Brooks, it turns out, has a secret identity and past that puts everyone’s life in danger. It also leads to many twists and turns that keep this fast-paced caper spinning until its inevitable (and rather disappointing) ending. Expect a terrific sequence in Danny Huston’s den-of-iniquity with a knuckle fighting syndicate; a villain known as The Bulgarian’ (Michael C. Hall) and a Faberge egg tossed around like a football.

This isn’t really a case of ‘it’s not whether you win or lose, but how you play the game’. Only Kevin and Michelle don’t cheat. Sara has the idea of getting ahead by tracking down the party planning company. She and Ryan come to the realisation at the same time as Max and Annie that the game has been hijacked.

But Ryan is learning something else. ‘I usually go out with a girl I want to sleep with and they’re brainless so you’re a bit of a change,’ he tells a stunned Sara. She replies, ‘I usually go out with interesting and intelligent men so it’s a bit of a change, for me, too.’ Sara eventually realises that Ryan has given her a compliment.

With Michelle and Kevin, the punch-line is not the name of the actor who slept with Michelle’s but her possible (and if so embarrassing) case of mistaken identity.

Lamorne Morris and Kylie Bunbury in Game Night - Credit IMDB

Lamorne Morris and Kylie Bunbury in Game Night

You can guess the lesson Max has learnt, even if it’s hard to be convinced that his gaming days are over.

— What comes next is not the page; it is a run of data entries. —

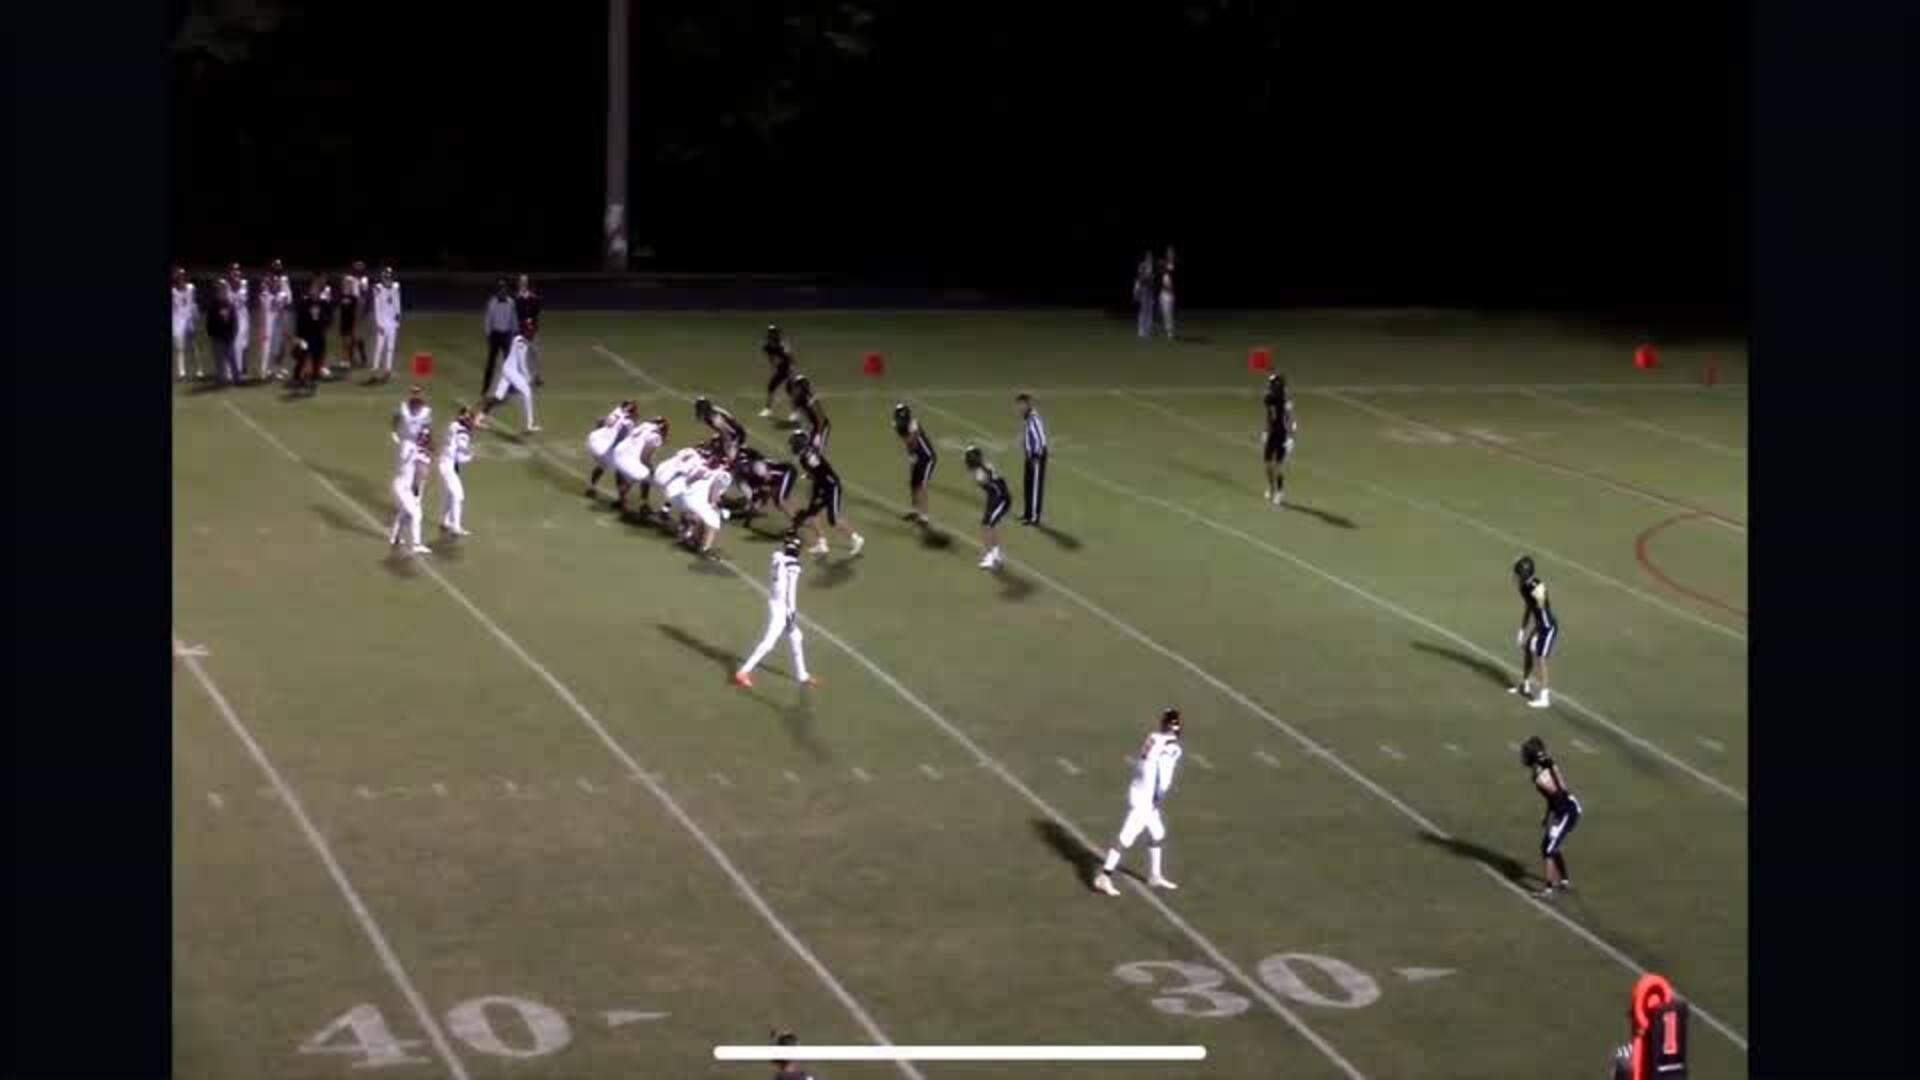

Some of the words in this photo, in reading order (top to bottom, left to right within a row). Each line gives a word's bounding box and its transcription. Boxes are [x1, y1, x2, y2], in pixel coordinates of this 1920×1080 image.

[1114, 953, 1381, 1017] 30
[299, 996, 572, 1068] 40
[1662, 1011, 1678, 1054] 1
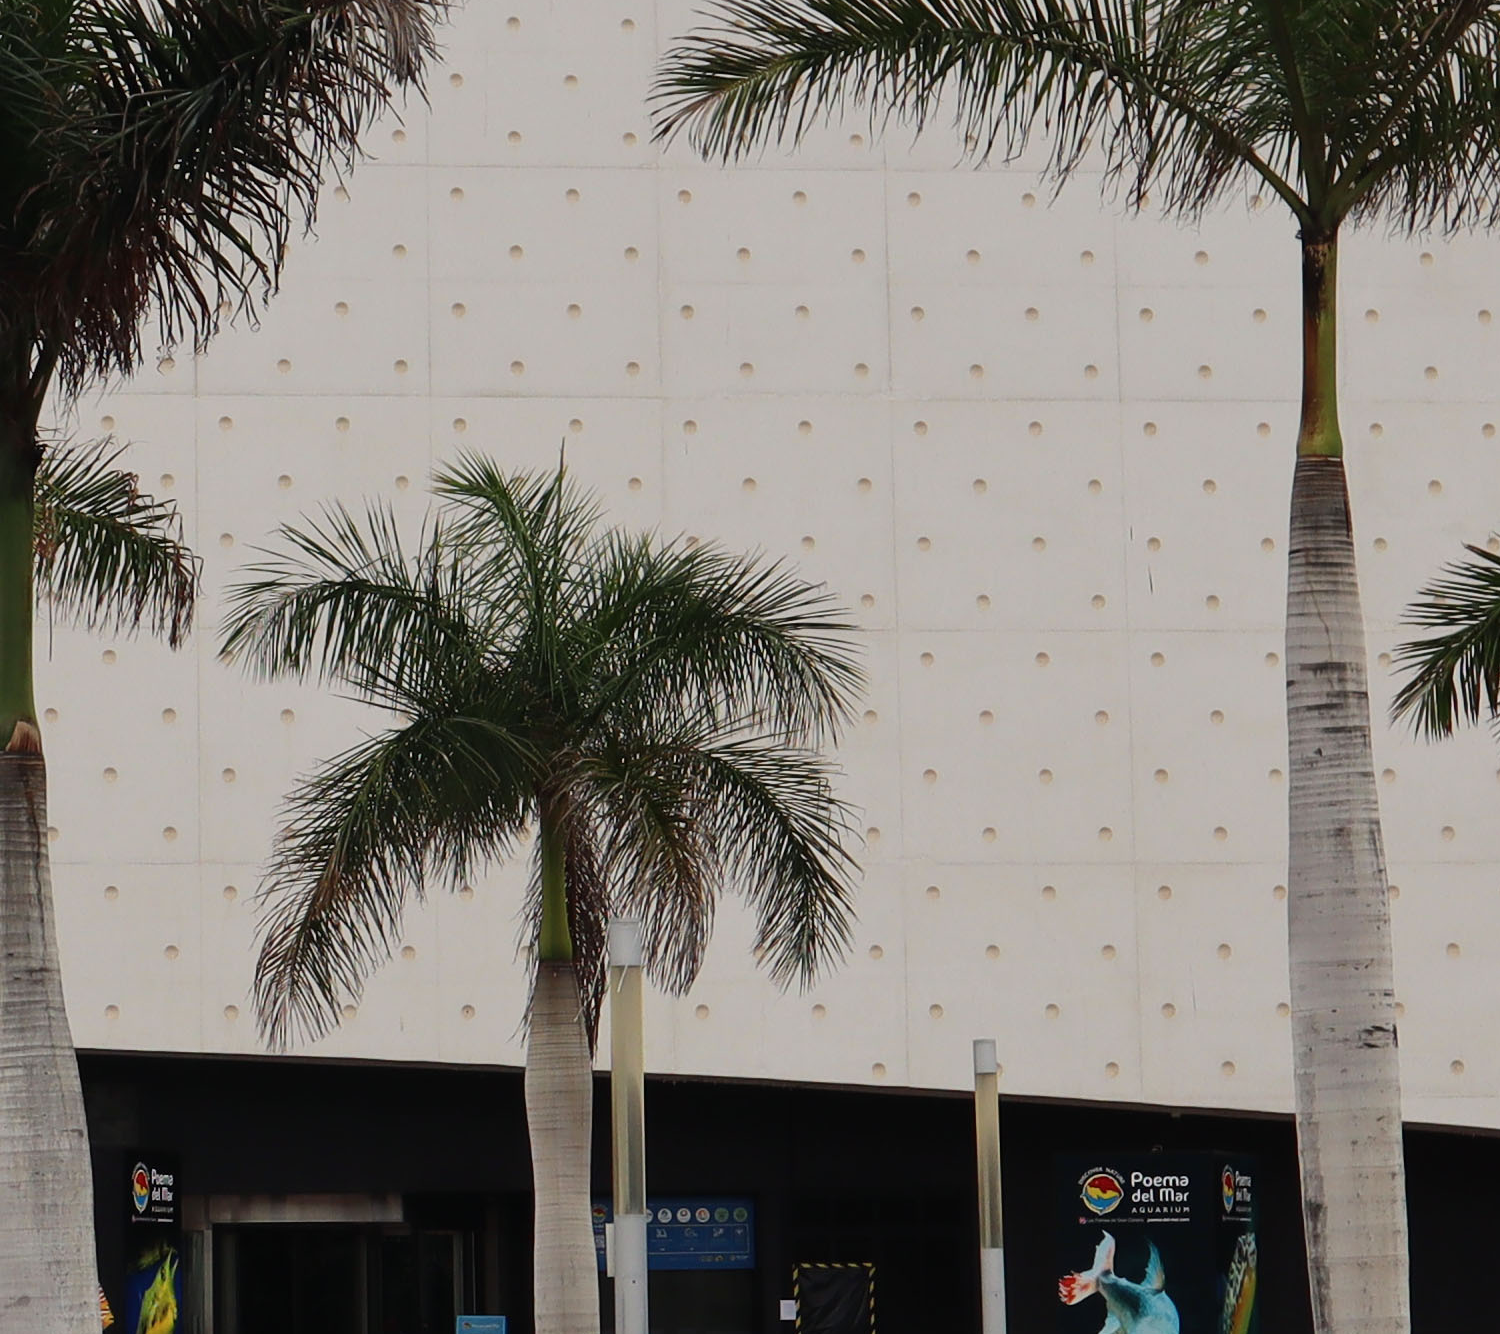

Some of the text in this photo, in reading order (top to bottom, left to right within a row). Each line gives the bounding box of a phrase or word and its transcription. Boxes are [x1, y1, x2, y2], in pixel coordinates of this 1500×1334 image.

[1131, 1171, 1190, 1187] Poema
[1131, 1187, 1190, 1203] del Mar
[1131, 1206, 1190, 1214] AQUARIUM

Surely his stunt driving in a reproduction of a scene from Taken 3 would wet his appetite for simulated reality games rather than dampen it? Biological clocks have their limits. If age is the elephant in the game room it’s hard to figure out why a man approaching 50 would hang out with Ryan, a singleton in his early 30s, or the young couple Kevin and Michelle. This was the stuff of comedy and angst in Noah Baumbach’s ‘While We’re Young,’ but here the game nighters are presented as part of their normal social circle.

If you leave your critical faculties at the popcorn counter and join the party you’ll have a great time.